Algunos hombres, corrieron hacia la boca del monstruo para apagar su sed, trajeron agua fresca de pueblos vecinos para evitar su ira, lo acorralaron para atajar su expansivo movimiento, se quemaron la piel en el destello invisible de luz que provocaba su reacción violenta e incontrolada, expusieron su cuerpo siendo conscientes en todo momento de que en breve éste dejaría de responder a la llamada de la vida.
Mientras y aún siendo testigos de tanto dolor y tanta muerte anunciada, la clase política estará pensando en "representar" un fastuoso homenaje al valor y el honor de esos ciento ochenta hombres que en turnos de cincuenta trabajan sin descanso por el bien de la Tierra.
Sobre la mesa, los informes de la conveniencia o no de instalar o cerrar centrales nucleares, quedarán acallados hasta que la nube ardiente deje de sobrevolar sus cabezas, a sabiendas de que cuando esto ocurra se habrá depositado bajo sus pies, sobre el suelo que nos alimenta, sobre el agua que mitiga nuestra sed.

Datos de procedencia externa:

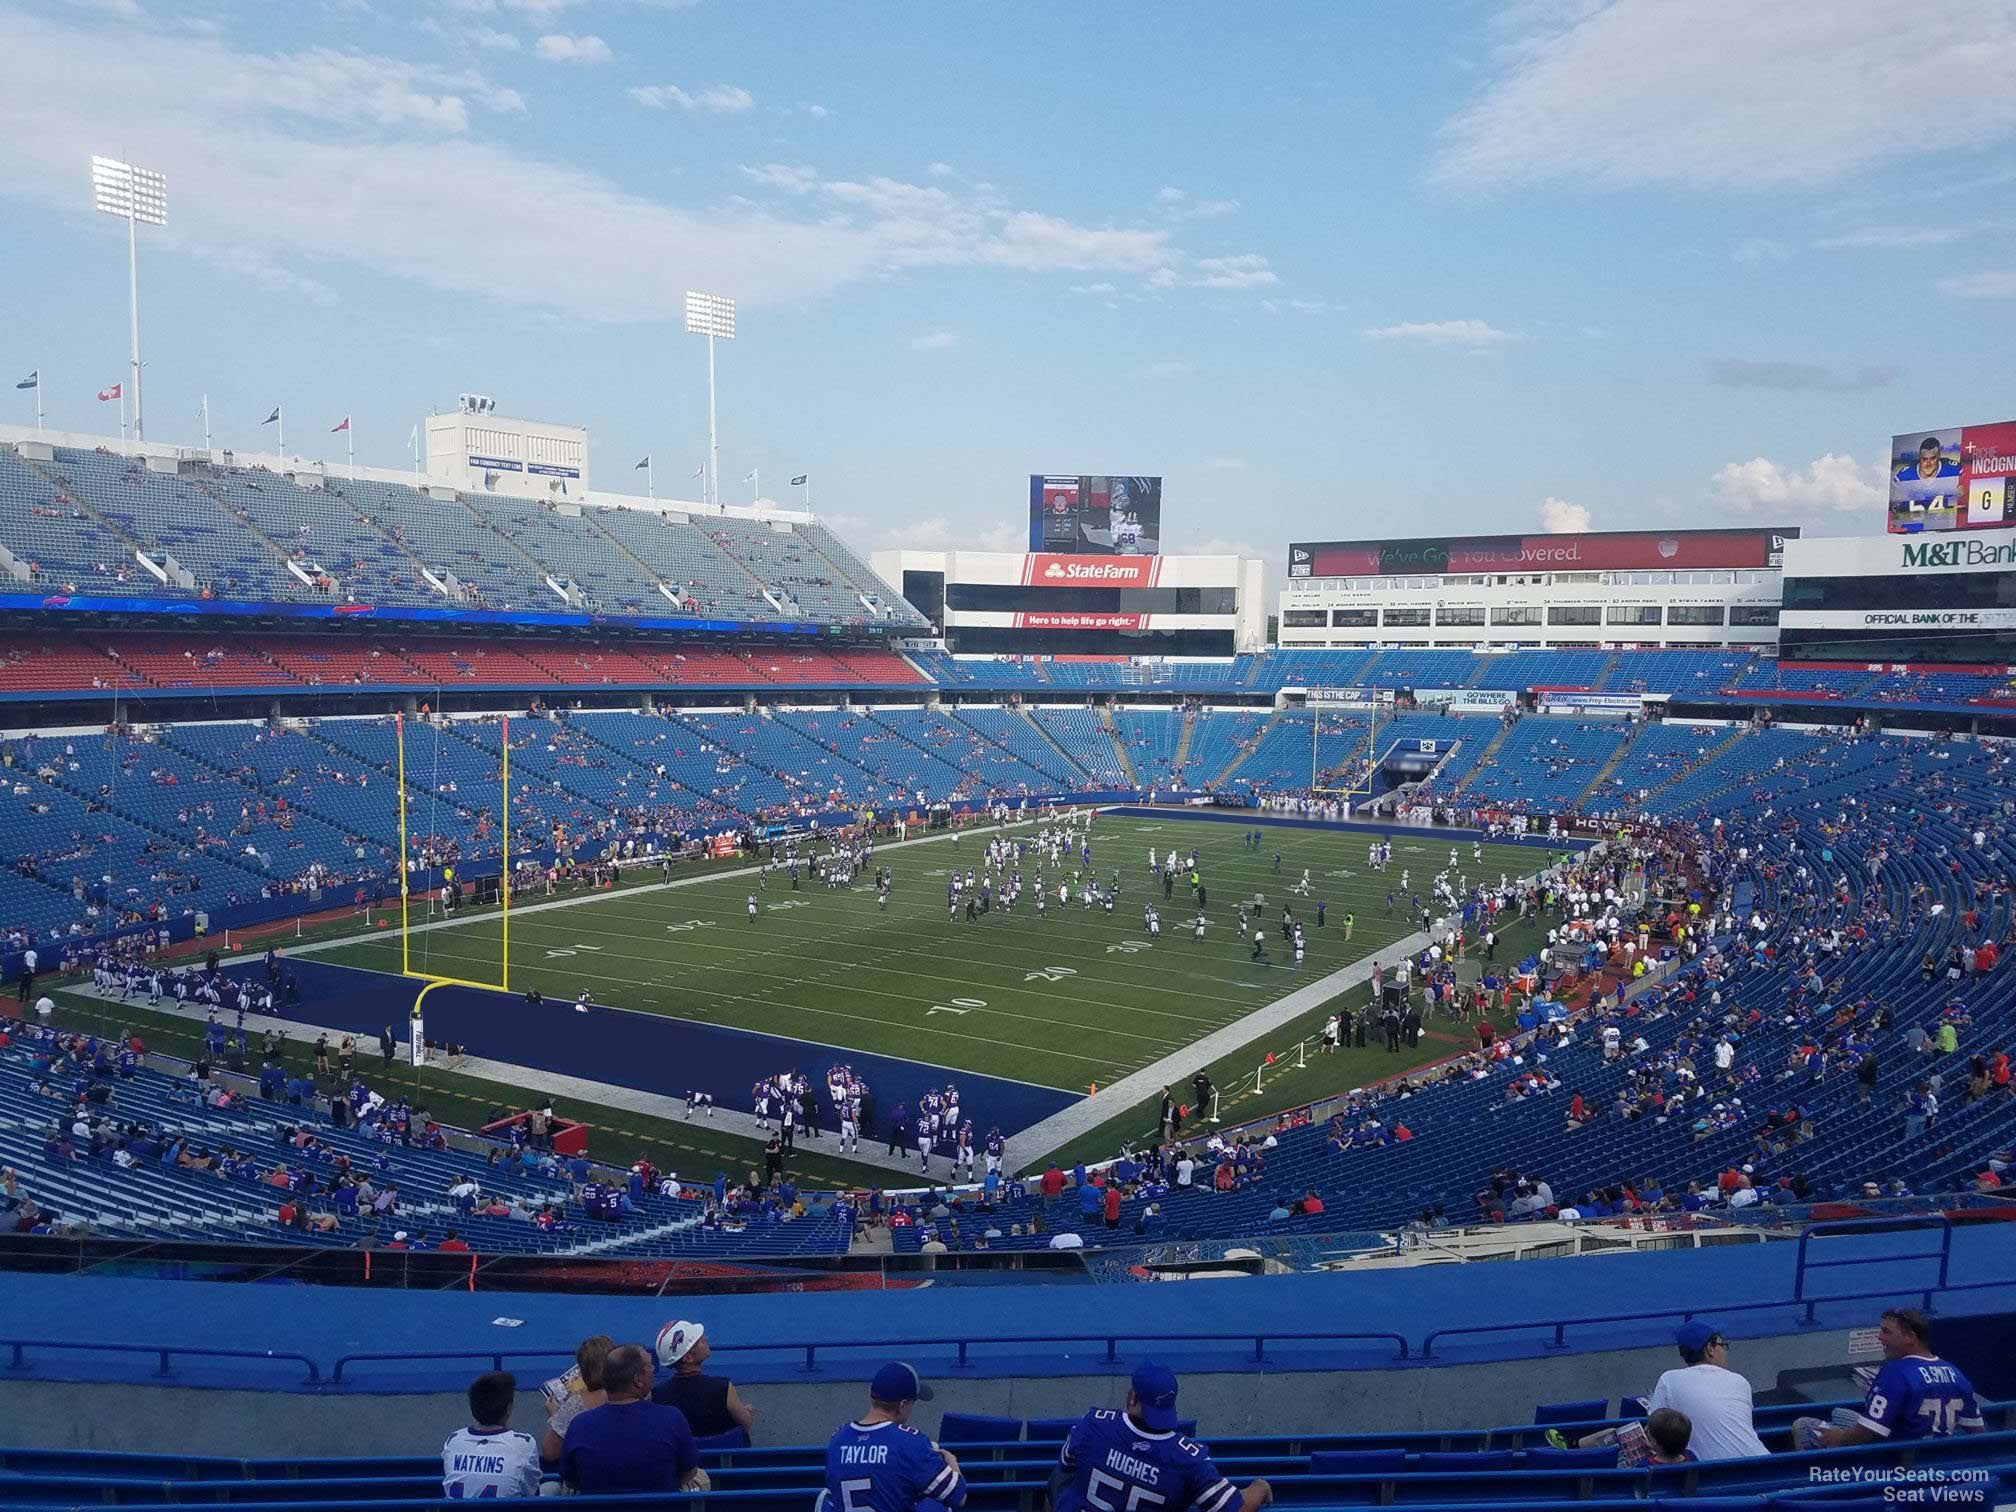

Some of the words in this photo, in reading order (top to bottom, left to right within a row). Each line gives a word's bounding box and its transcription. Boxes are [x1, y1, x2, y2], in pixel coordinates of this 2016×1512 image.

[1981, 490, 1992, 511] G
[1029, 615, 1050, 625] Here
[1051, 616, 1060, 625] to
[1061, 616, 1080, 627] help
[1080, 616, 1095, 625] life
[1095, 618, 1107, 628] go
[1864, 613, 1910, 625] OFFICIAL
[1912, 613, 1940, 625] BANK
[1942, 613, 1956, 624] OF
[1959, 612, 1979, 625] THE
[1466, 691, 1479, 699] GO
[1478, 691, 1507, 699] WHERE
[1023, 966, 1078, 982] 20
[926, 997, 988, 1016] 10
[453, 1454, 505, 1475] WATKINS
[839, 1445, 889, 1465] TAYLOR
[1105, 1447, 1160, 1486] HUGHES

Sin embargo, hoy, ahora, en este mismo instante el sentimiento de solidaridad para con esos hombres, el deseo de enviar una energía que no tenga nada que ver con la nuclear y que pueda curar sus heridas impresas en sus genes y en su alma generosa es lo que me ha movido a escribir este párrafo como homenaje en vida a los ya conocidos héroes de Fukushima.